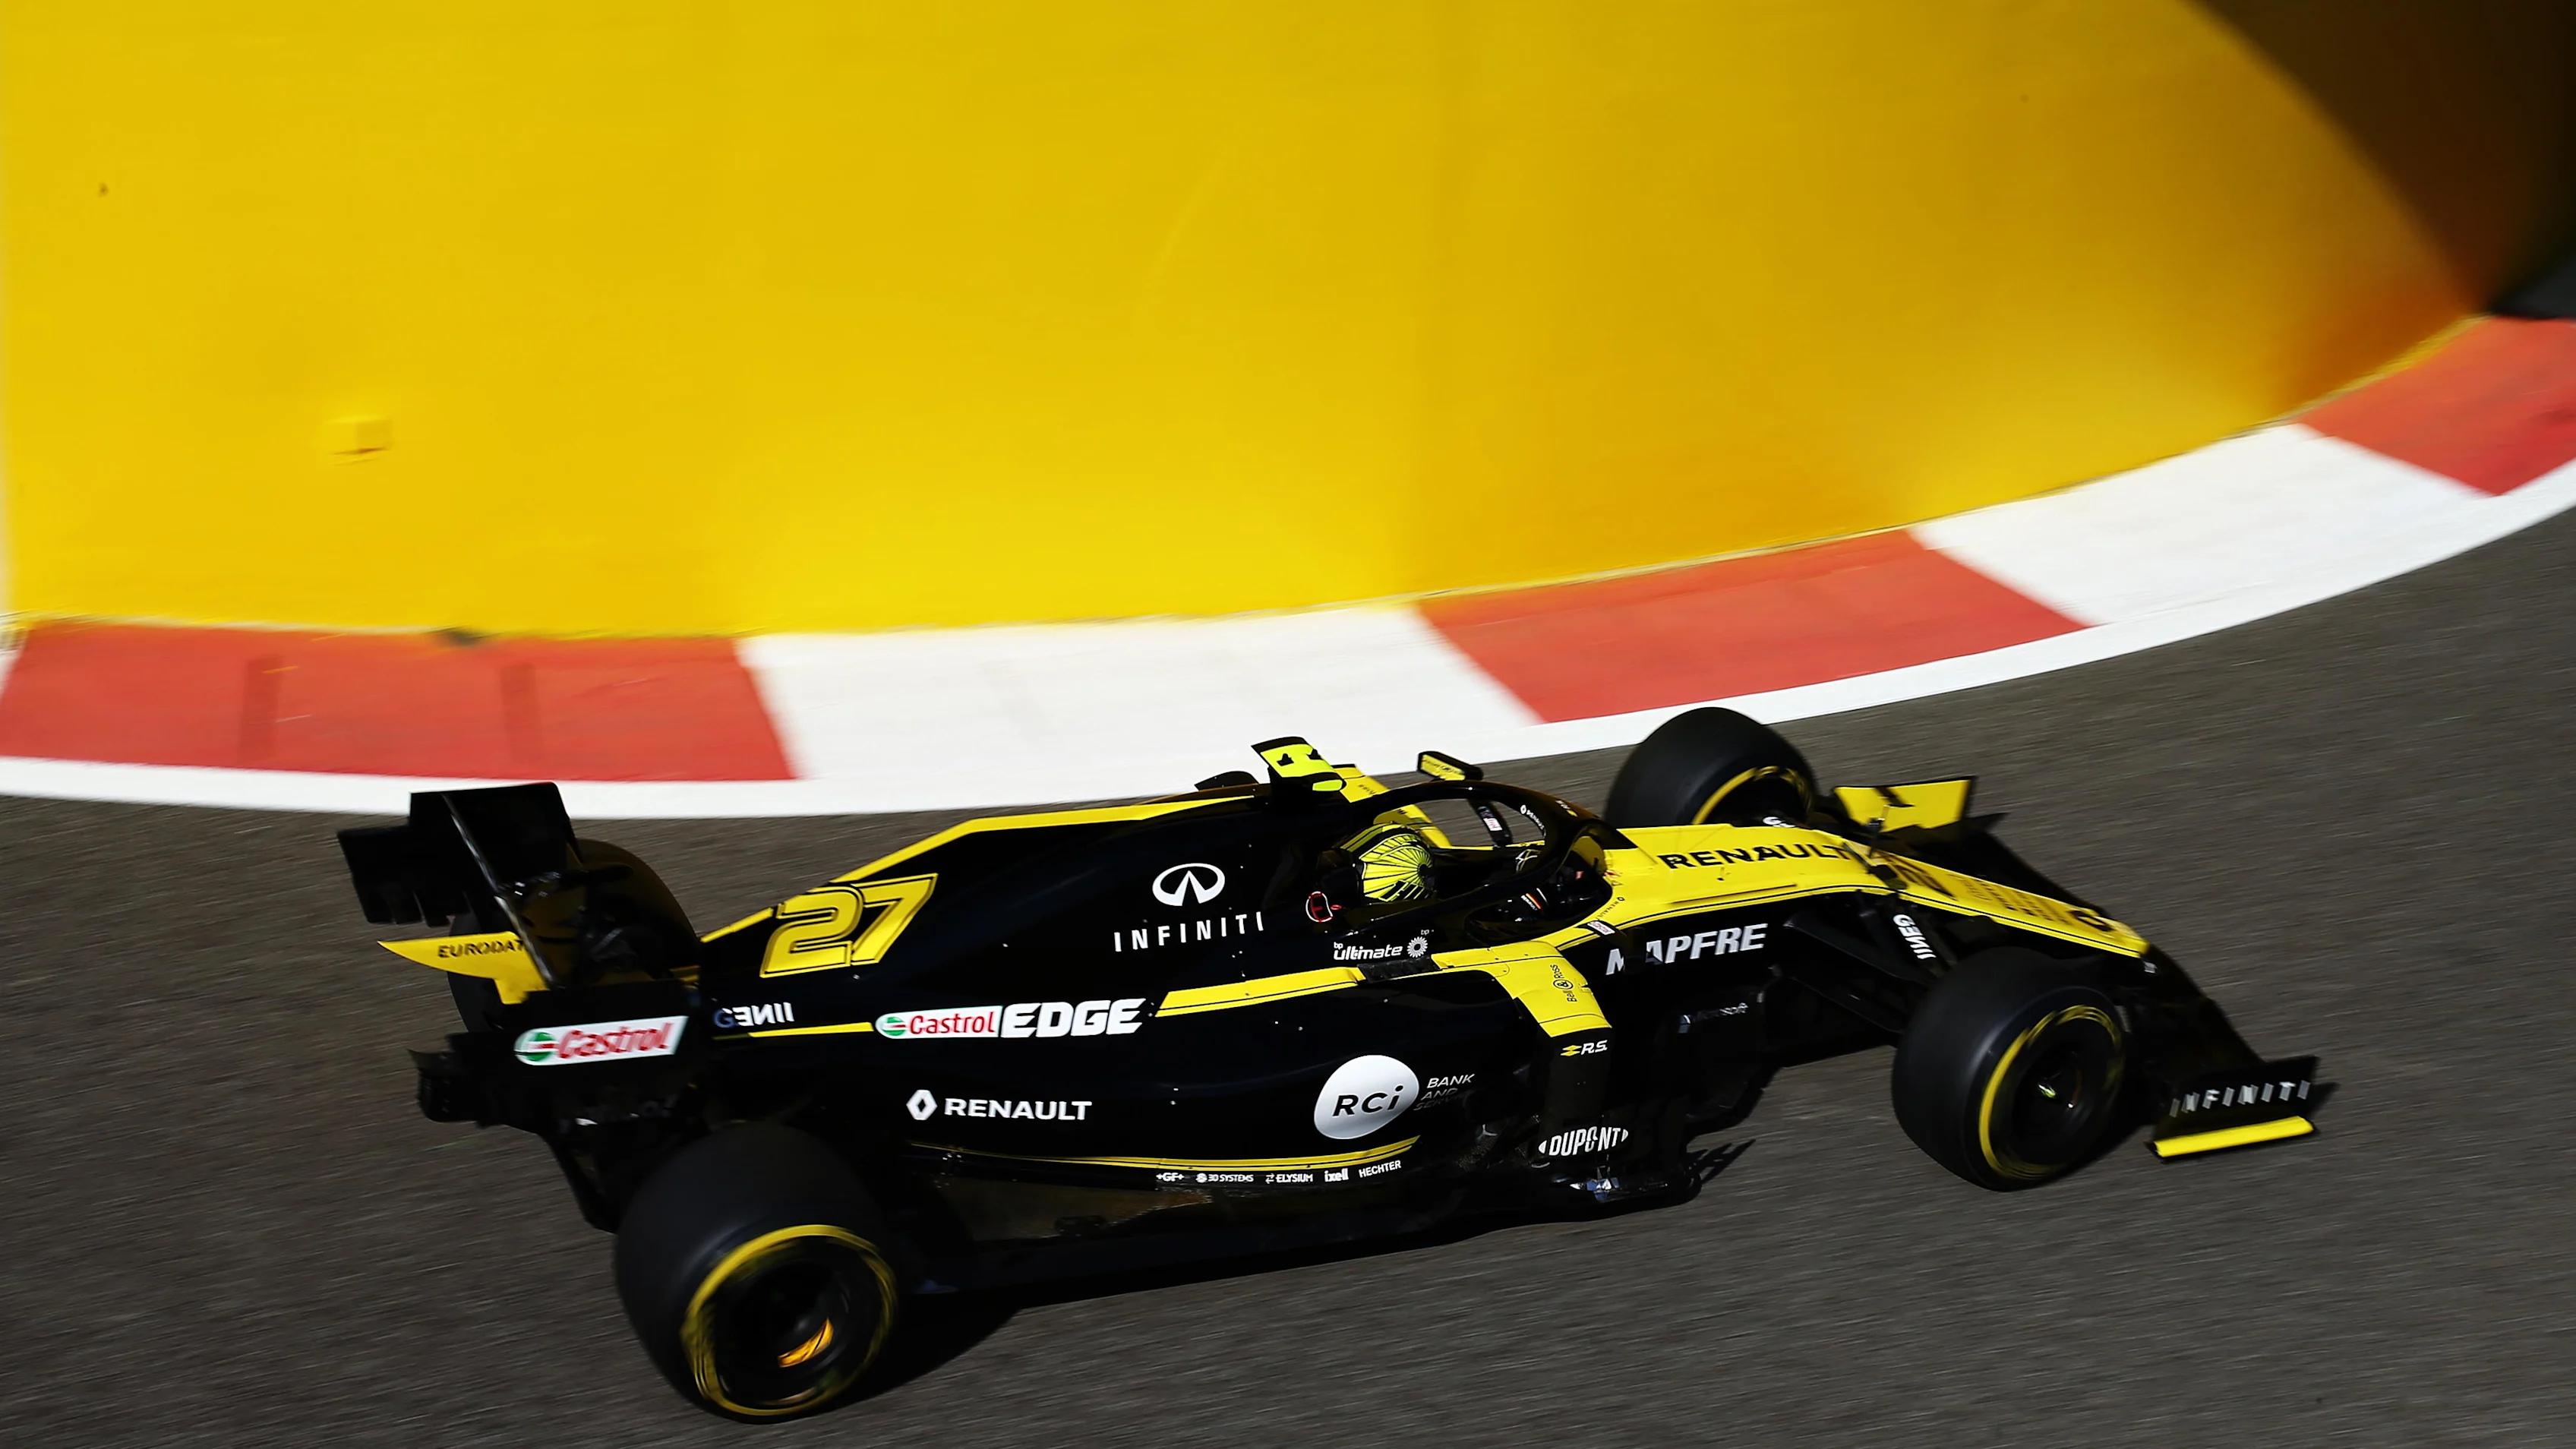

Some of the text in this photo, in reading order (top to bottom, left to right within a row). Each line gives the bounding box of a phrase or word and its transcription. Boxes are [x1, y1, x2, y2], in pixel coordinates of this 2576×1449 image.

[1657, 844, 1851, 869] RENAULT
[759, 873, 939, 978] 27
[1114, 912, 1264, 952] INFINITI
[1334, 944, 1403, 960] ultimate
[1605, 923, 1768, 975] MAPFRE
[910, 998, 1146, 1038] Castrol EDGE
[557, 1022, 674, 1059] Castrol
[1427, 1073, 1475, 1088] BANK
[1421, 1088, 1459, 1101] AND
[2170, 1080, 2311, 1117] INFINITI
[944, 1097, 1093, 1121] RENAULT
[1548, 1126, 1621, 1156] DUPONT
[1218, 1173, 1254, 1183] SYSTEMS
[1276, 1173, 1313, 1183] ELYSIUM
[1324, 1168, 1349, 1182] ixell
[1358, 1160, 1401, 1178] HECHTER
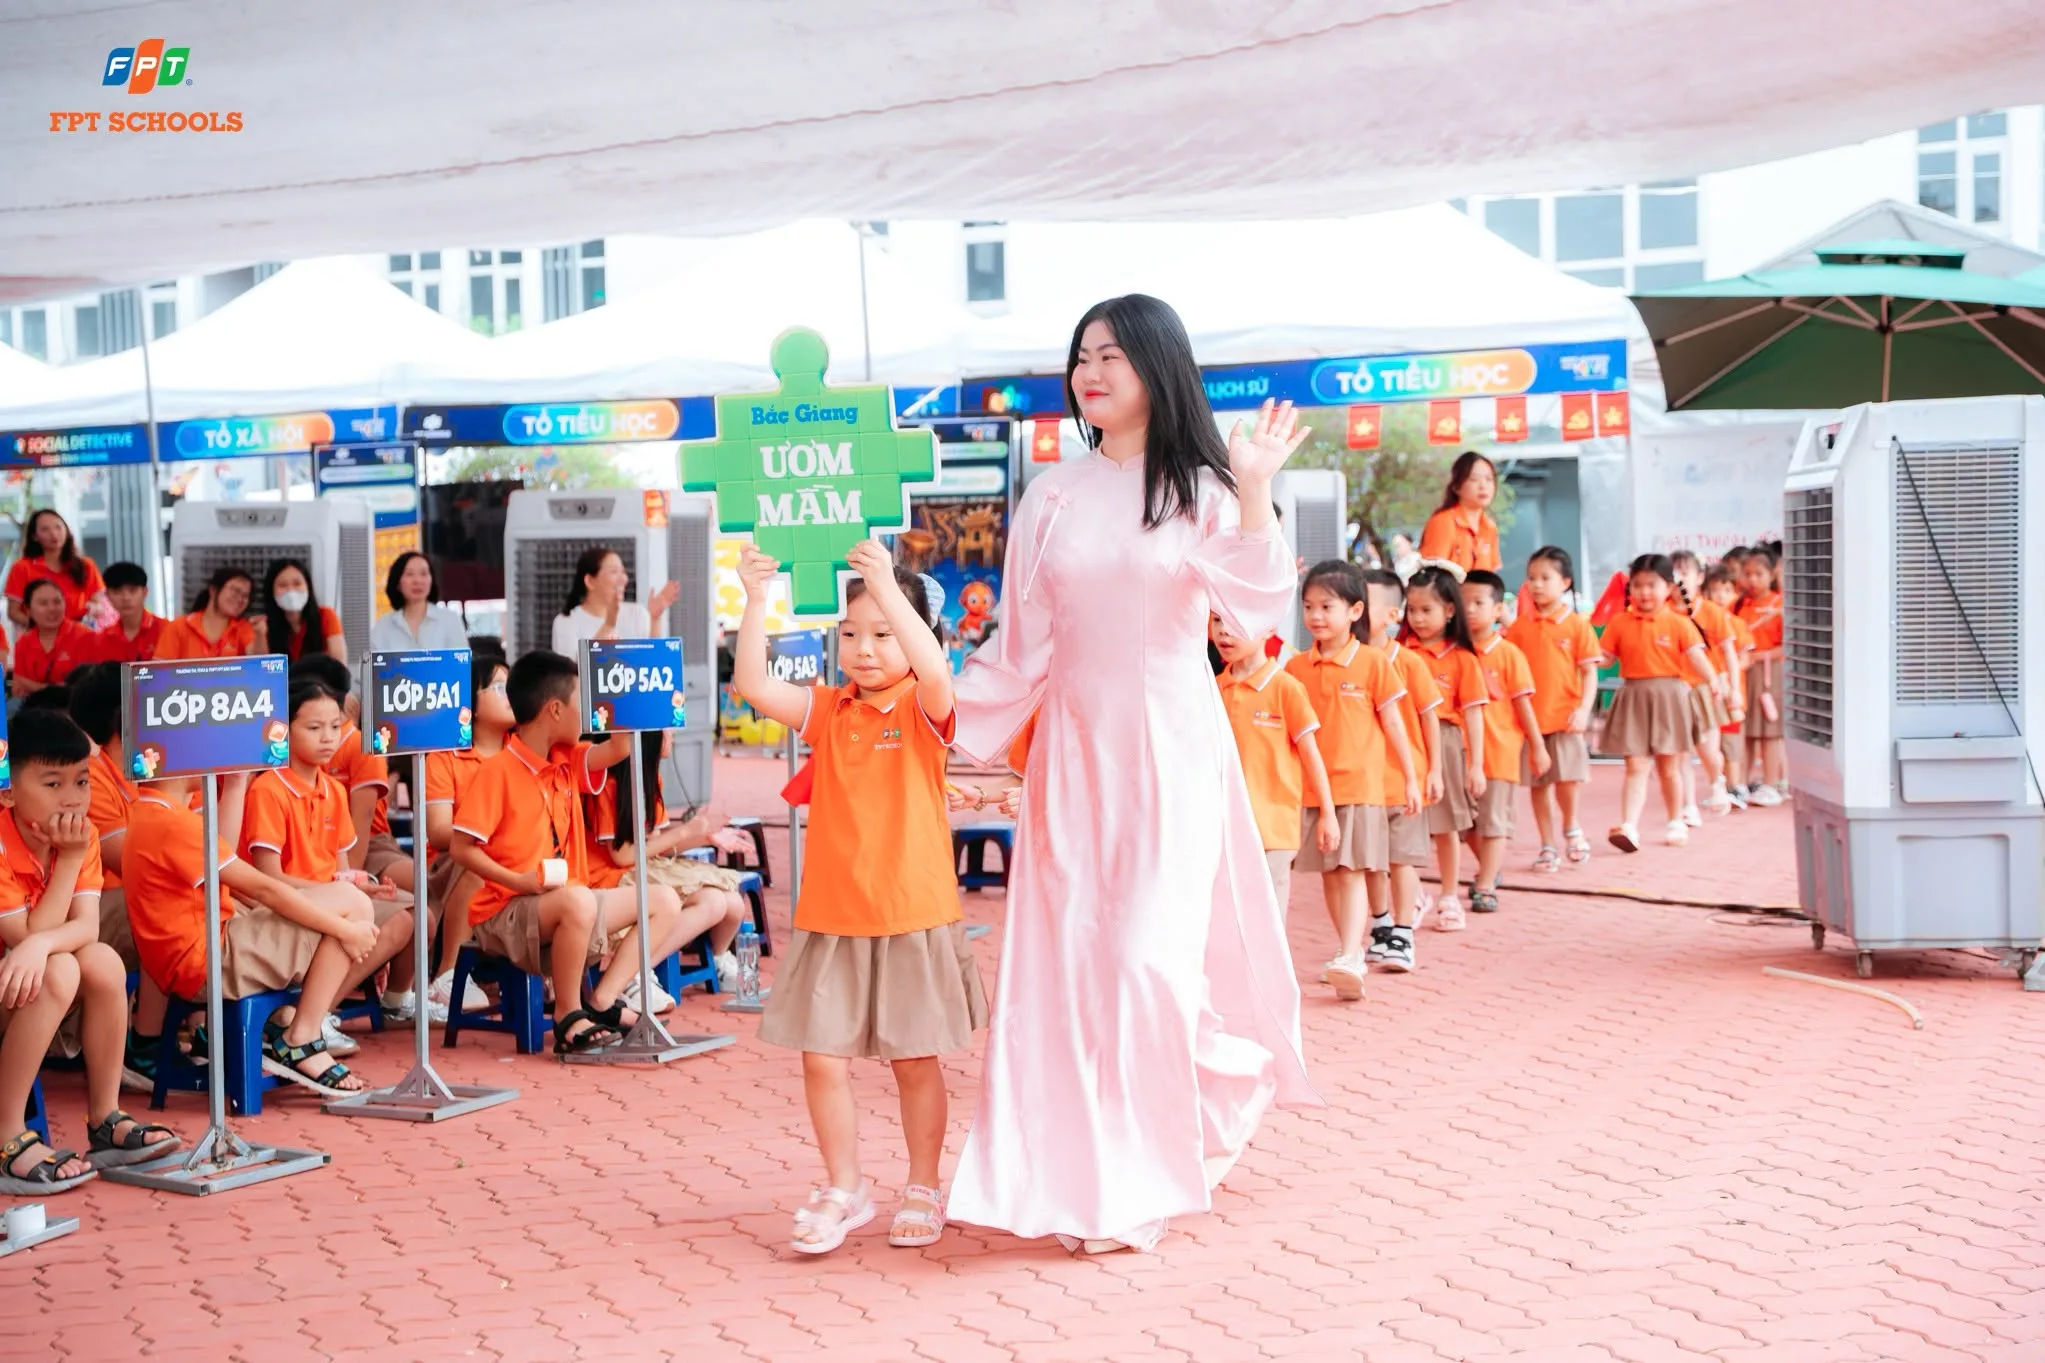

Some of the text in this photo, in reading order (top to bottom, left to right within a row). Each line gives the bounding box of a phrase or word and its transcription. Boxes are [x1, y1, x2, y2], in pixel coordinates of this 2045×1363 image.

Instructions to follow
What is needed is the whole listing again, set down exactly, without its pictures.

Solution to the problem
Some of the text in this photo, in reading order (top to bottom, left to right within a row). Each line gives the bounding box of a phrase or word and its transcription. Boxes are [x1, y1, x2, y2], in pixel coordinates of this 2576×1449 image.

[1657, 844, 1851, 869] RENAULT
[759, 873, 939, 978] 27
[1114, 912, 1264, 952] INFINITI
[1334, 944, 1403, 960] ultimate
[1605, 923, 1768, 975] MAPFRE
[910, 998, 1146, 1038] Castrol EDGE
[557, 1022, 674, 1059] Castrol
[1427, 1073, 1475, 1088] BANK
[1421, 1088, 1459, 1101] AND
[2170, 1080, 2311, 1117] INFINITI
[944, 1097, 1093, 1121] RENAULT
[1548, 1126, 1621, 1156] DUPONT
[1218, 1173, 1254, 1183] SYSTEMS
[1276, 1173, 1313, 1183] ELYSIUM
[1324, 1168, 1349, 1182] ixell
[1358, 1160, 1401, 1178] HECHTER

Some of the text in this photo, in reading order (top to bottom, left to right within a row). Each line gives the bounding box of a phrase or word and its transcription. Boxes are [x1, y1, x2, y2], in pixel coordinates of this 2045×1363 image.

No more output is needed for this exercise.